NASA's Perseverance rover captures 360-degree view of Mars' Jezero Crater (video)

On Dec. 12, 2023, NASA's Perseverance rover reached a milestone — 1,000 Martian days, or sols, on Mars. To celebrate, NASA released a 360-degree mosaic of the rover's current location, as well as a video walkthrough of the scene narrated by Perseverance project scientist Ken Farley.

The composite image comprises 993 individual images taken with Perseverance's Mastcam-Z instrument last year on Nov. 3, Nov. 4 and Nov. 6, and includes a whopping 2.38 billion pixels. 

You might notice there's a big difference in color between the team's image included in this article and the video — the image shows the natural colors on Mars as captured by the camera, while the image in the video has been adjusted to Earth-like lighting. According to NASA, "the adjustment allows mission scientists to use their everyday experience to interpret the landscape."

That landscape is Jezero Crater, where a river had flowed into an ancient lake an estimated 3.5 billion years ago. In addition to studying the geology of the crater, scientists are looking for past signs of microbial life. 

Related: NASA's Ingenuity Mars helicopter sets new distance record on the Red Planet

A cropped version of the 360 view. (Image credit: NASA/JPL-Caltech/ASU/MSSS)

Right now, Perseverance is sitting atop what the team calls "Airey Hill," and the landscape here shows signs of water — the flat, light-colored rocks were likely deposited on the banks of the slow-flowing river, while the larger boulders might've been dropped into place by a strong flood event. 
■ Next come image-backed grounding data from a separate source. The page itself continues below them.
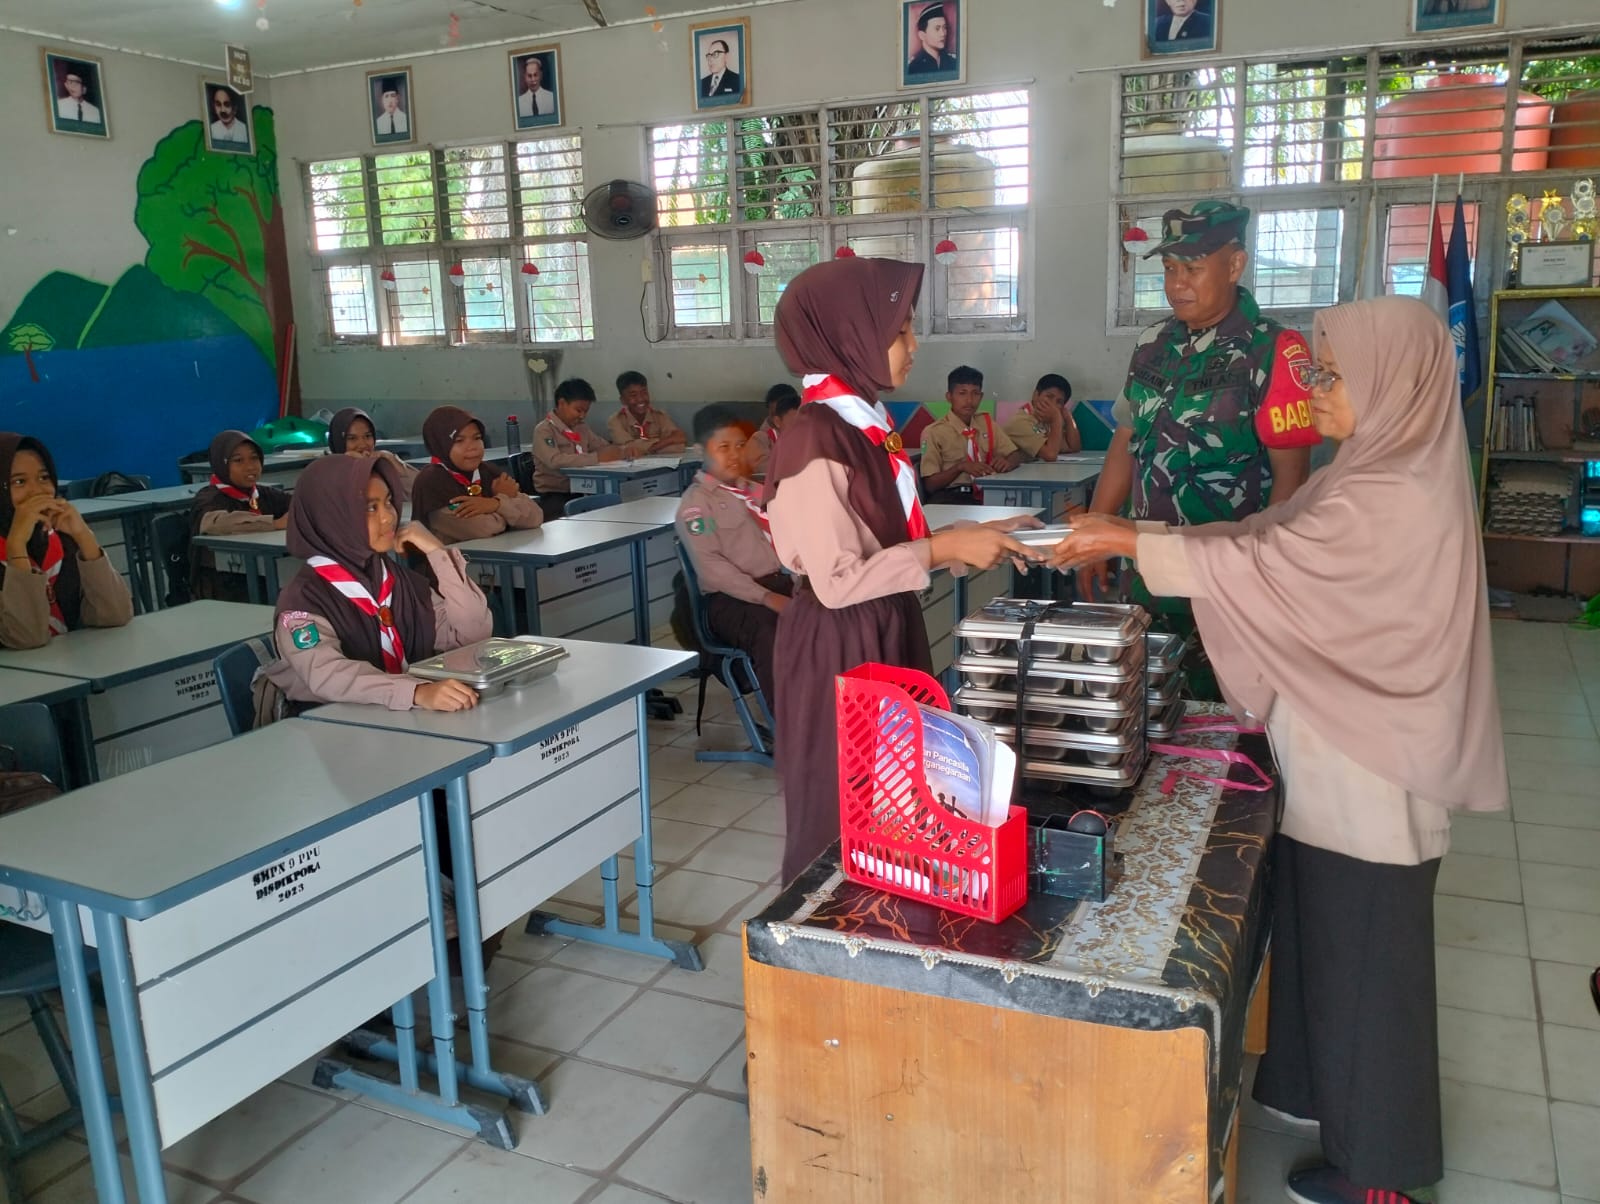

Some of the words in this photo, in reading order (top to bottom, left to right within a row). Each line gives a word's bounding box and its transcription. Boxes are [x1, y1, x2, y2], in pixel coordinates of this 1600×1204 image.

[176, 679, 216, 697] DISDIKPOR
[540, 733, 559, 749] SMPN
[554, 751, 570, 764] 2023
[933, 751, 970, 774] Pancasila
[252, 861, 286, 887] SMPN
[288, 857, 296, 869] 9
[298, 845, 321, 865] PPU
[256, 861, 321, 900] DISDIKPORA
[278, 882, 305, 903] 2023
One unusual rocky outcropping has piqued the interest of the team, which suspects it might represent the remnants of an old lava flow. "Lab equipment on Earth can accurately measure when a volcanic rock was formed, so if we can return a sample of this lava to Earth in the future, we may know when and for how long water flowed into Jezero," Farley says in the video.
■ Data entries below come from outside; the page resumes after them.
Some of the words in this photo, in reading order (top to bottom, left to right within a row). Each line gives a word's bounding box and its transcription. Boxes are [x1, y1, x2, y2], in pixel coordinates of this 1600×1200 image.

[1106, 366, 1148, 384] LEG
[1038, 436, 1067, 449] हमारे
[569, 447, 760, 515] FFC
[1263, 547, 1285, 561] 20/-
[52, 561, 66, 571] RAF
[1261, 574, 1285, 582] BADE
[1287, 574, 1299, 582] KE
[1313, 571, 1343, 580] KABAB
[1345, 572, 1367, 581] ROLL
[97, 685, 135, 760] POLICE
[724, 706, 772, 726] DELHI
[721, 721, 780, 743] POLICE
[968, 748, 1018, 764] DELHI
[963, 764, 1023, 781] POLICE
Previously, Perseverance studied the crater floor before working its way through the sediments of the river delta. Next, it will work its way "upstream" to the point where the river carved a canyon in the crater rim. Then, Perseverance will climb its way up a natural ramp to the rim itself. 

"One tempting target are these light-colored rocks partway up the rim," says Farley. "They may have interacted with hot water in a hydrothermal environment – another exciting place to hunt for evidence of past life."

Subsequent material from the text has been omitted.